_EXERCISE AIM_: Excluding all pictures, please output the listing exactly.

_INFORMATION_:
....

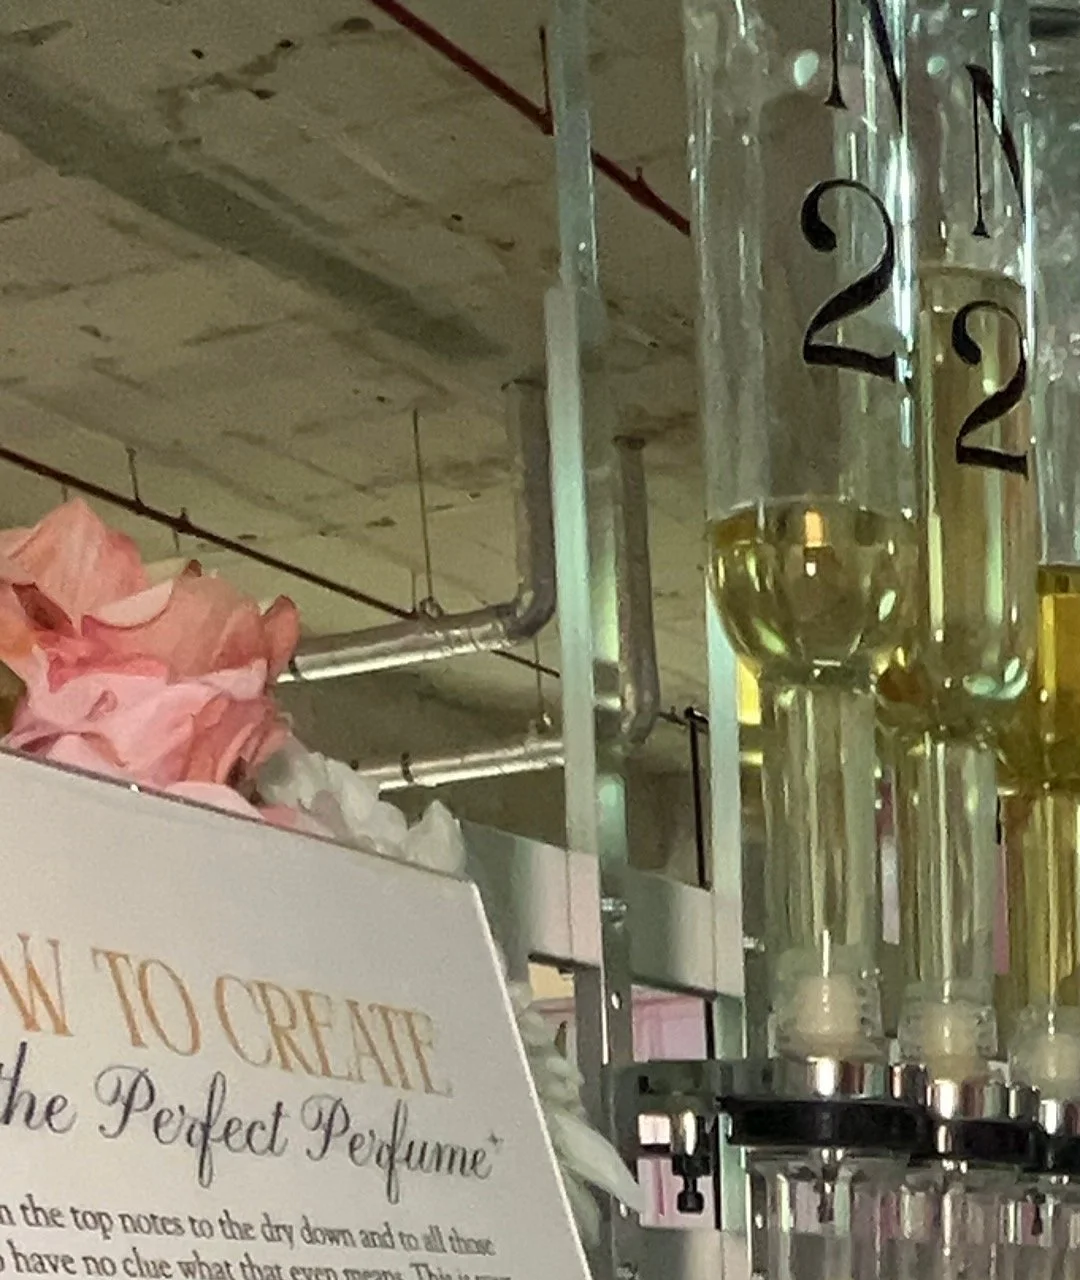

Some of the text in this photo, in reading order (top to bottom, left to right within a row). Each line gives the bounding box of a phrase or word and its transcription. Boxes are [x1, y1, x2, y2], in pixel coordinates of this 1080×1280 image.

[90, 947, 201, 1056] TO
[213, 973, 455, 1099] CREATE
[0, 1041, 494, 1204] the Perfect Perfume
[7, 1239, 78, 1277] have
[83, 1254, 118, 1277] no
[123, 1247, 174, 1279] clue
[20, 1194, 65, 1229] the
[70, 1206, 114, 1241] top
[118, 1210, 186, 1237] notes
[189, 1215, 215, 1240] to
[219, 1209, 257, 1242] the
[261, 1212, 295, 1250] dry
[300, 1215, 357, 1248] down
[359, 1221, 396, 1250] and
[399, 1230, 420, 1252] to
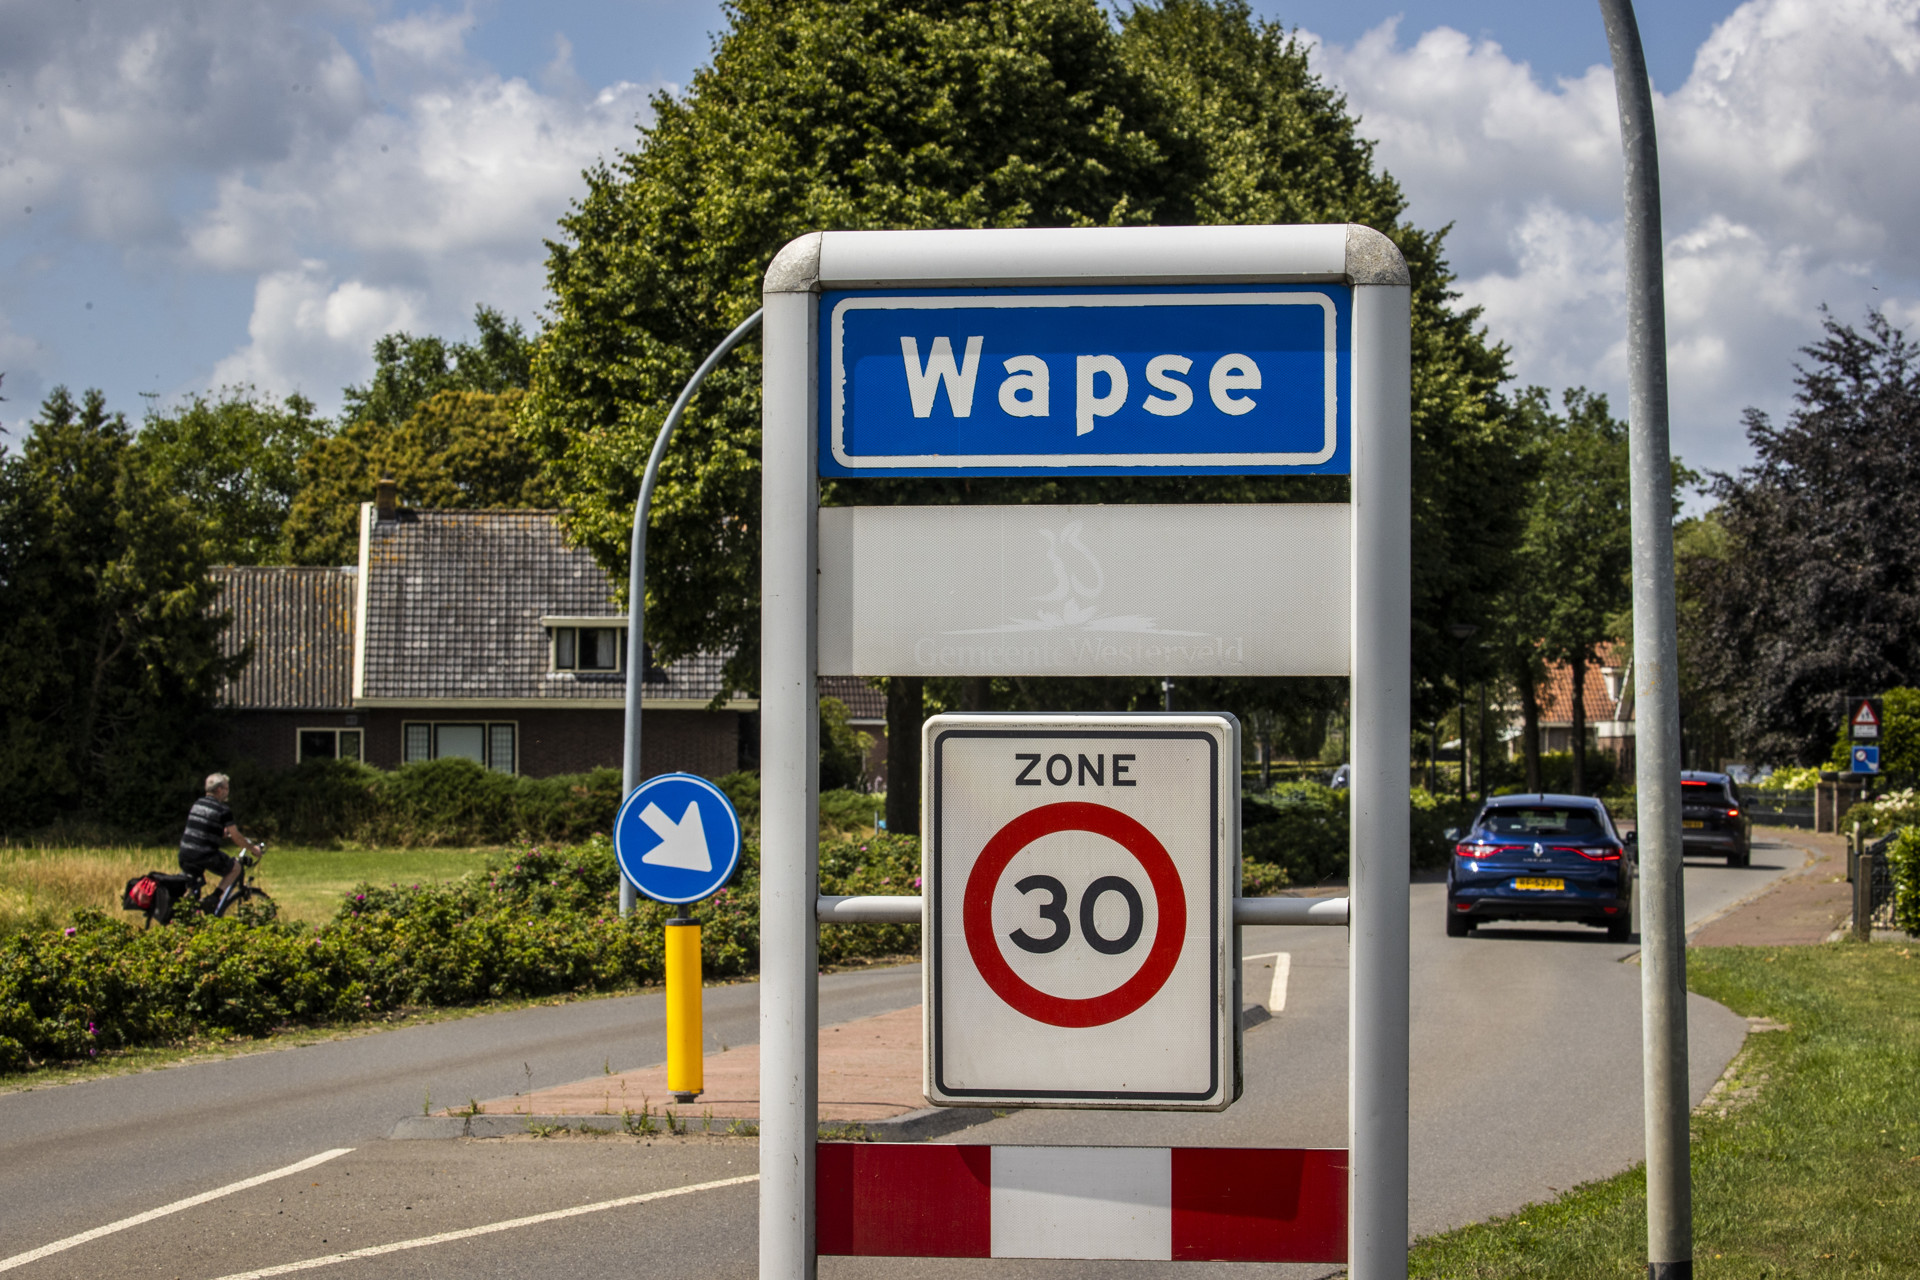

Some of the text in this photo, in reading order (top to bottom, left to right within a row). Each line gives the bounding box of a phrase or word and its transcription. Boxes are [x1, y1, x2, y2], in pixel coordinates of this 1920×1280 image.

....

_FINISHED TASK_:
Some of the text in this photo, in reading order (top to bottom, left to right within a row). Each line gives the bounding box of a phrase or word and its transcription. Boxes are [x1, y1, x2, y2], in pixel coordinates of this 1080×1280 image.

[90, 947, 201, 1056] TO
[213, 973, 455, 1099] CREATE
[0, 1041, 494, 1204] the Perfect Perfume
[7, 1239, 78, 1277] have
[83, 1254, 118, 1277] no
[123, 1247, 174, 1279] clue
[20, 1194, 65, 1229] the
[70, 1206, 114, 1241] top
[118, 1210, 186, 1237] notes
[189, 1215, 215, 1240] to
[219, 1209, 257, 1242] the
[261, 1212, 295, 1250] dry
[300, 1215, 357, 1248] down
[359, 1221, 396, 1250] and
[399, 1230, 420, 1252] to

Some of the text in this photo, in reading order (top to bottom, left to right within a row). Each line gives the bounding box of a phrase or word and its transcription. Boxes are [x1, y1, x2, y2], in pixel coordinates of this 1920×1280 image.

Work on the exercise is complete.